- Origin: Belfast, Northern Ireland
- Genres: Pop, folk
- Years active: 1984–2003; 2009–present
- Label: Homespun
- Members: Alex Quinn
- Past members: Jimmy McPeake Eoin McMahon

= Barnbrack =

Barnbrack is a Northern Irish male vocal/instrumental folk/pop group, with band members Alex Quinn, Jimmy McPeake, and Eoin McMahon. The word 'barnbrack' is a play on the Anglicised Irish word "Barmbrack", a type of bread that contains fruit. Barnbrack separated in 2003, after the premature death of Quinn's wife, Deirdre, aged 55.

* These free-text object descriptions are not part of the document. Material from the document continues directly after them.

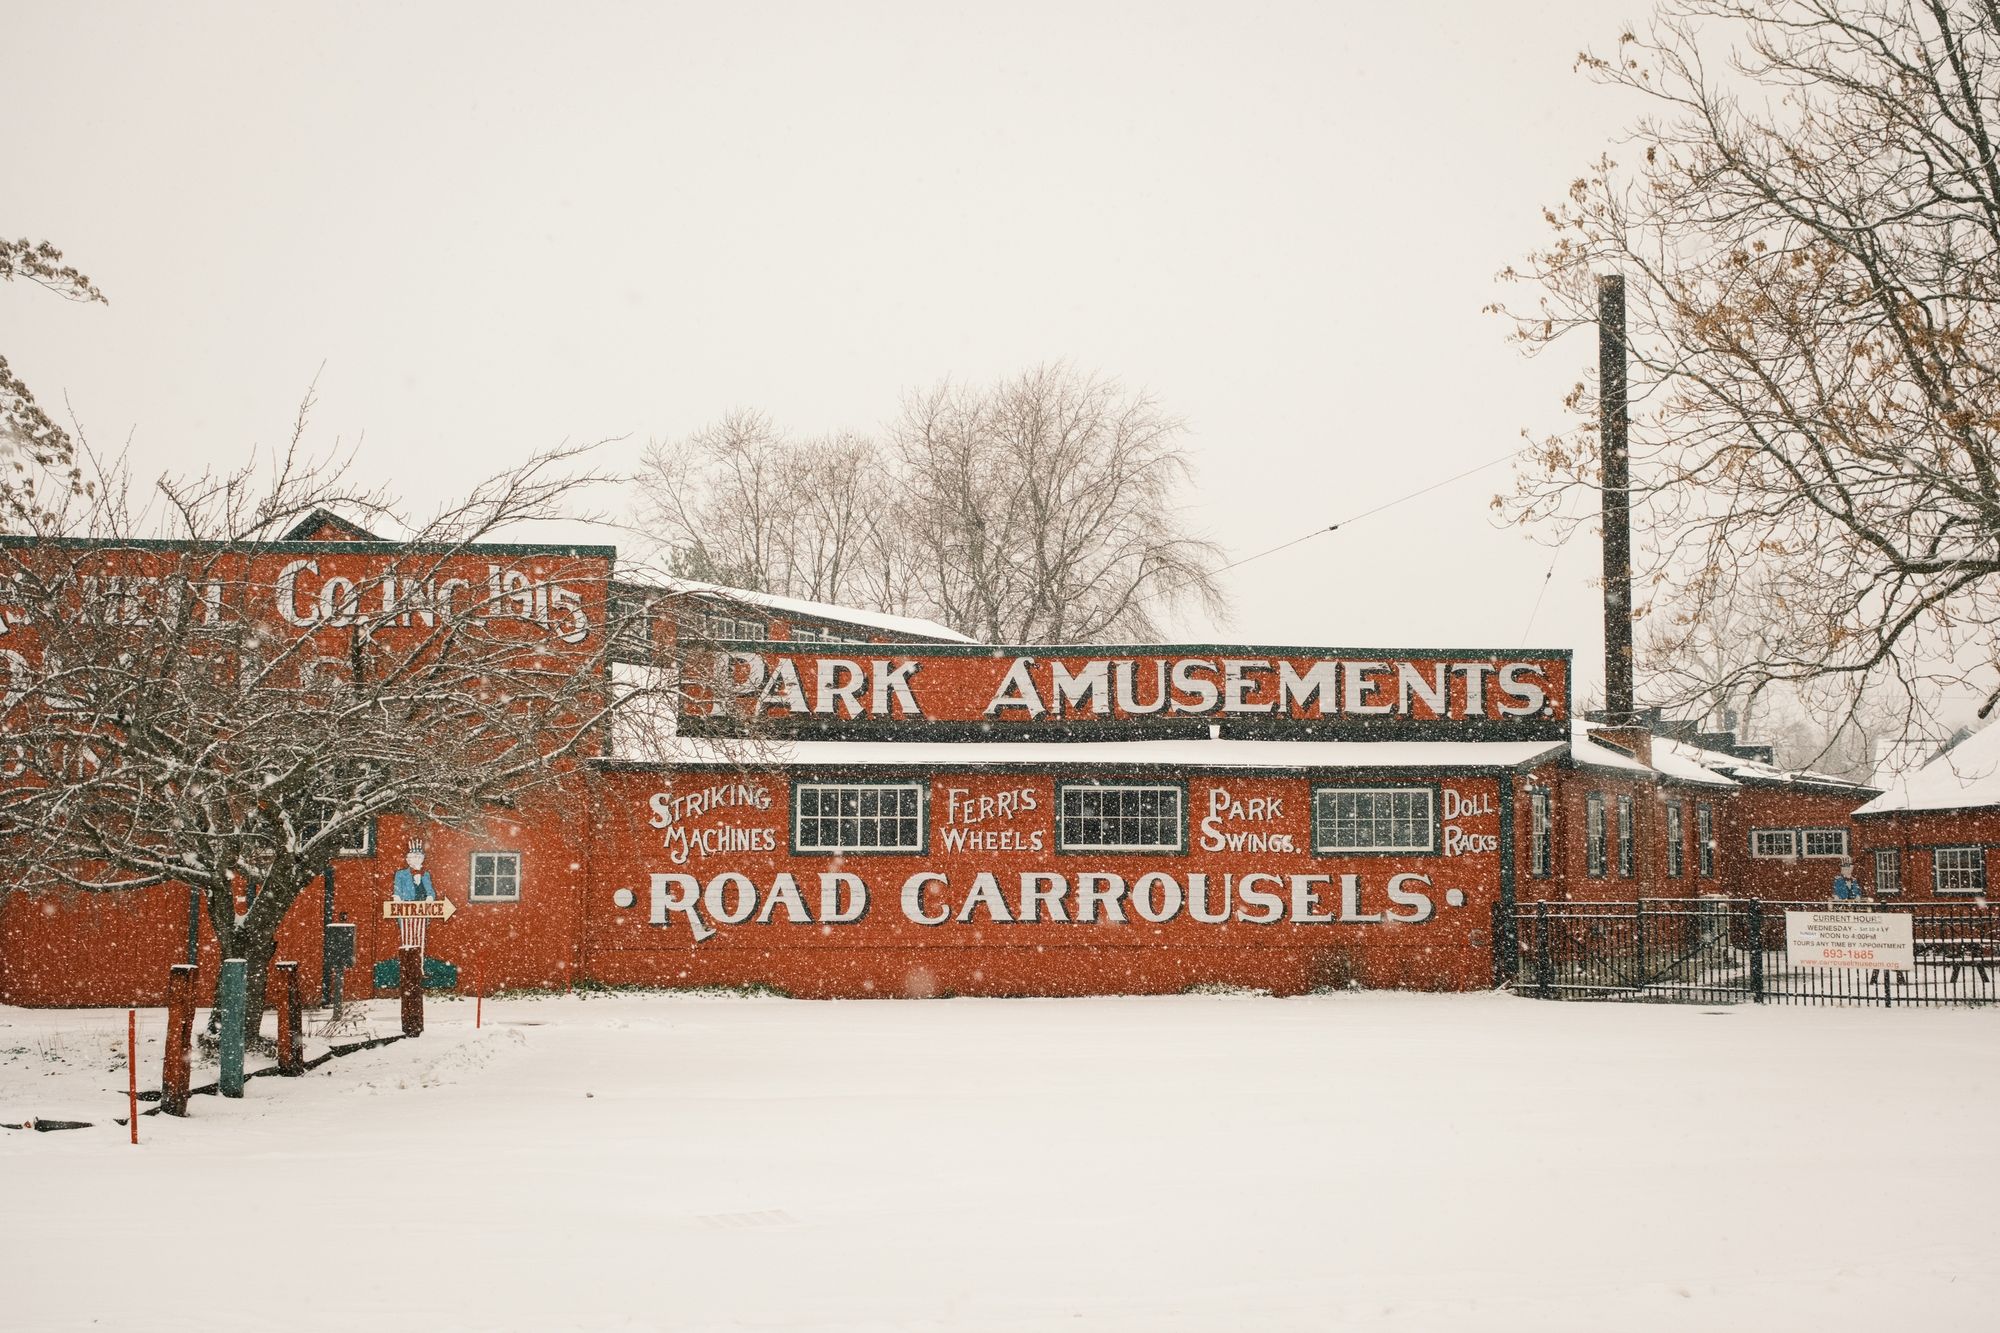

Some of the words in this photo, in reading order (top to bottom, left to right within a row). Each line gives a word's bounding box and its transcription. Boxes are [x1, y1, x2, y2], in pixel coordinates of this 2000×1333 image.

[488, 564, 588, 644] 1915
[711, 652, 921, 720] PARK
[648, 784, 772, 829] STRIKING
[948, 788, 1037, 826] FERRIS
[1209, 788, 1283, 823] PARK
[1444, 789, 1493, 821] DOLL
[664, 825, 776, 864] MACHINES
[940, 827, 1043, 855] WHEELS
[1444, 824, 1498, 857] RACKS
[390, 903, 444, 917] ENTRANCE
[648, 872, 867, 941] ROAD
[901, 872, 1434, 926] CARROUSELS
[1812, 914, 1850, 922] CURRENT
[1807, 924, 1852, 932] WEDNESDAY
[1823, 948, 1874, 959] 693-1885
[1859, 942, 1906, 950] APPOINTMENT
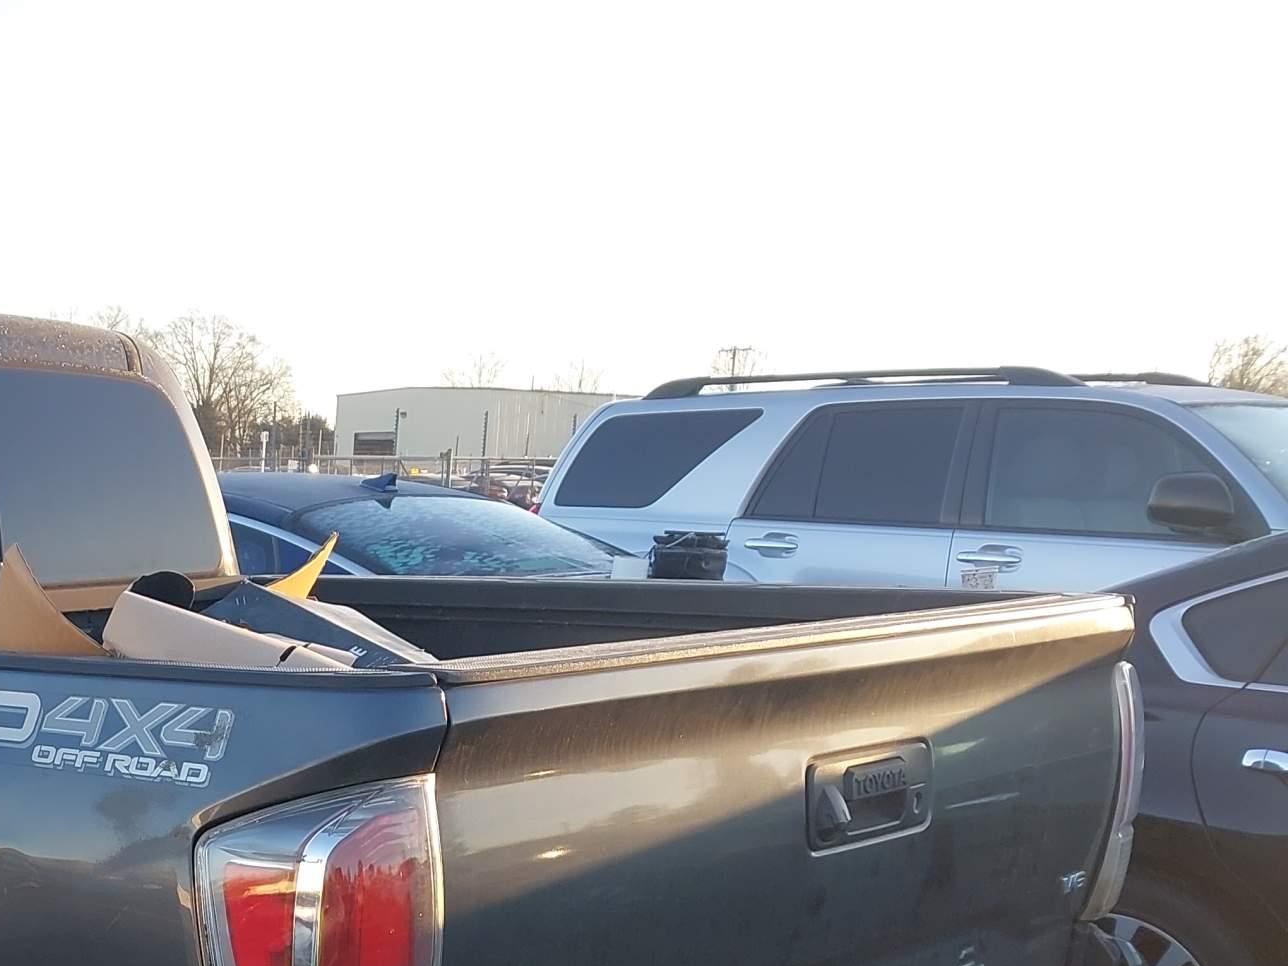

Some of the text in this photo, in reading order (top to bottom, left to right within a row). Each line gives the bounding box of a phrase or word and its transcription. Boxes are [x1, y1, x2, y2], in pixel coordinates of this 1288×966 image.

[31, 744, 211, 787] OFF ROAD
[853, 767, 907, 796] TOYOTA
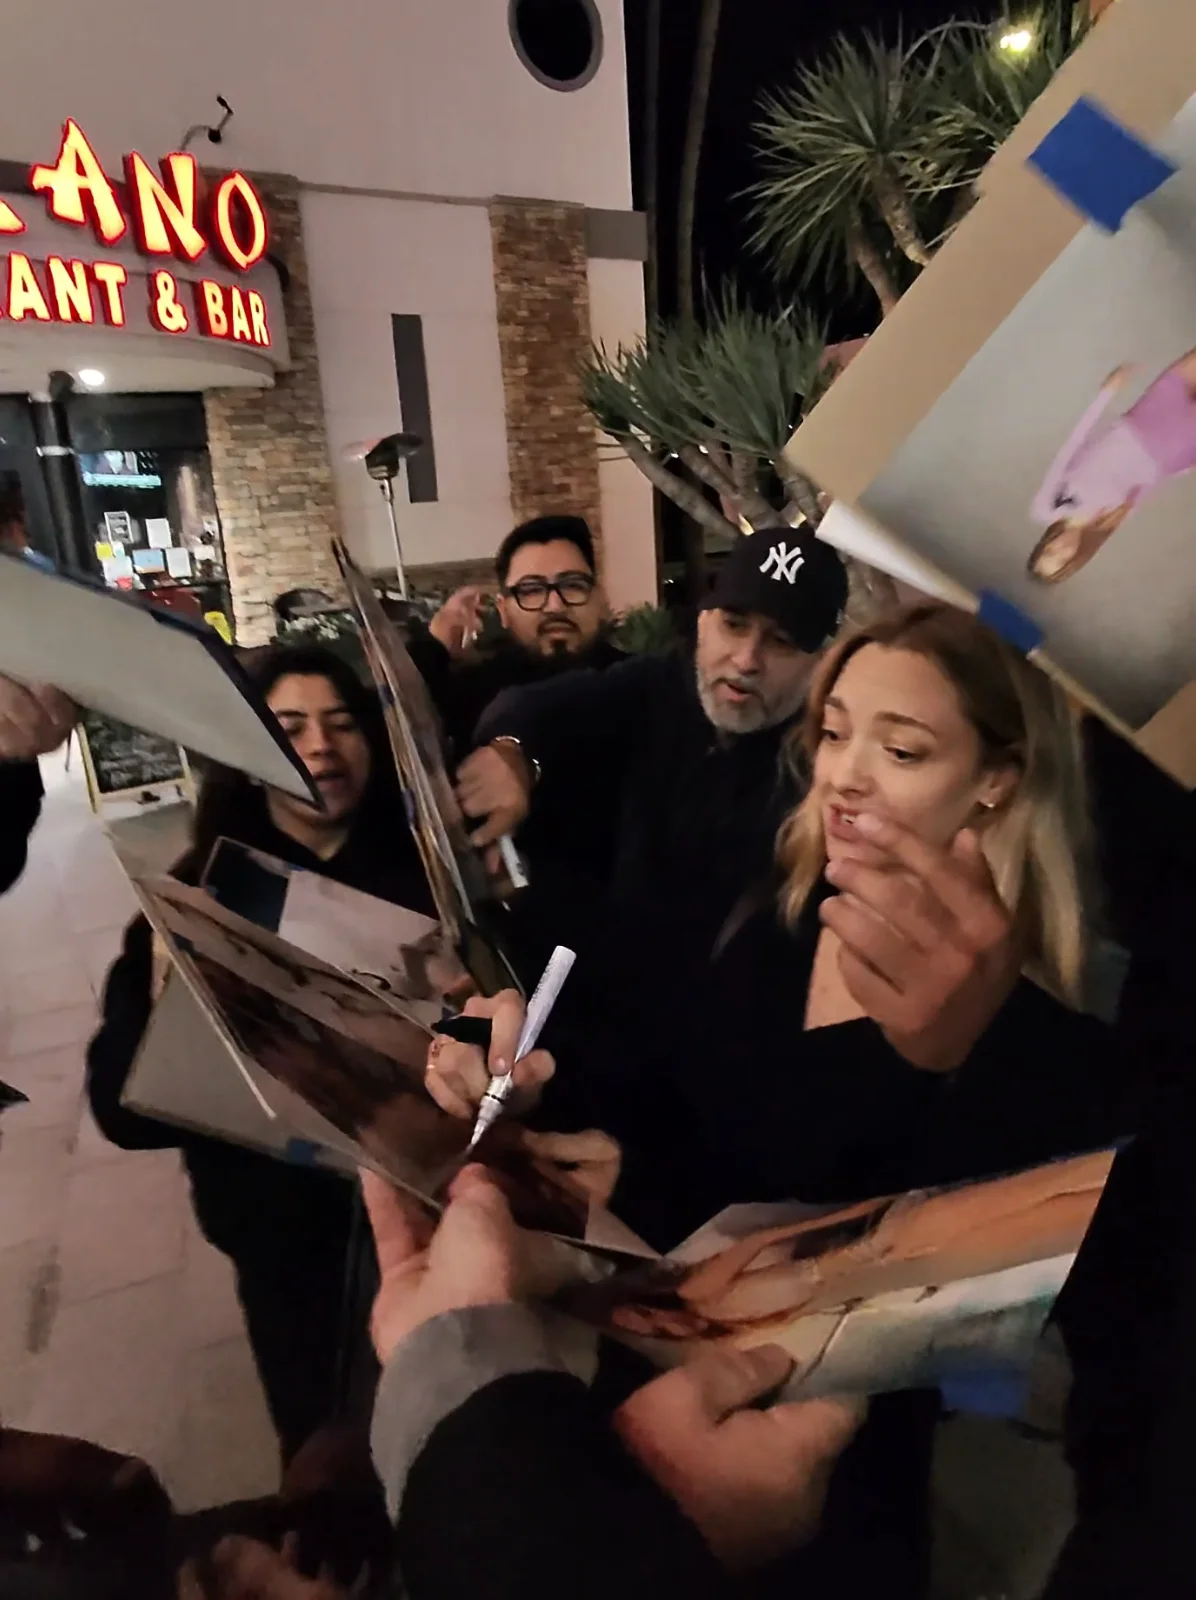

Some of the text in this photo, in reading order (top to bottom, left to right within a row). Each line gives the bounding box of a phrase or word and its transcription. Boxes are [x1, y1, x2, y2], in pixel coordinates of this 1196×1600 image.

[0, 251, 271, 347] ANT & BAR
[758, 541, 805, 585] NY
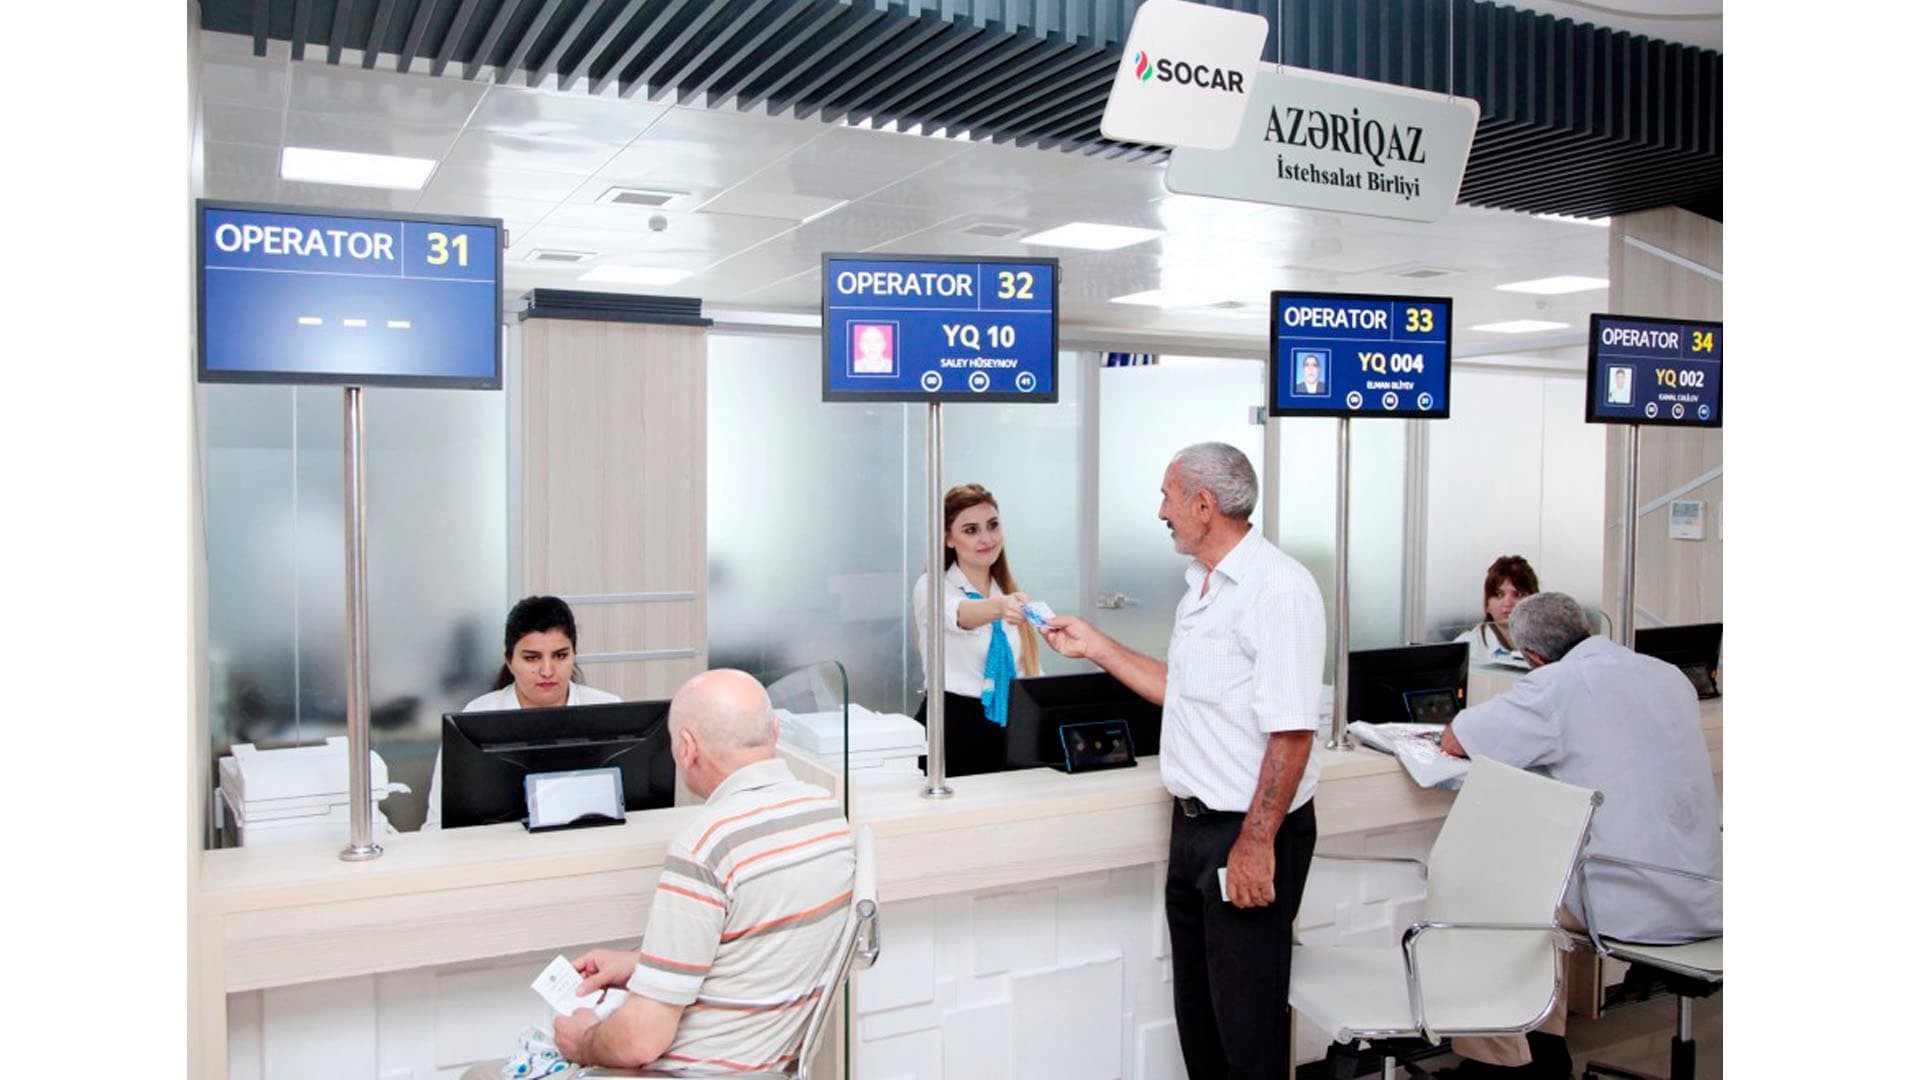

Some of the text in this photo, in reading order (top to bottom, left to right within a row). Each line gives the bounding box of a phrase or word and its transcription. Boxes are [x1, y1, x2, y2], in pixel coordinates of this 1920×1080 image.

While Barnbrack has had many popular songs, such as "The Fly" and the "Unicorn Song", the band's only notable chart success was with a single called "Belfast", written by Lisburn-born man and band member Alex Quinn. The song described the feelings felt by an expatriate, who is planning to return to Ulster and the city he left behind. The song was released on the Homespun label. It entered the UK Singles Chart on 16 March 1985, and reached no. 45; it was in the chart for several weeks.

In 2009, the Belfast Telegraph reported that, after six years apart, the former members of the band were planning a reunion. The band is now back together and is currently touring Northern Ireland.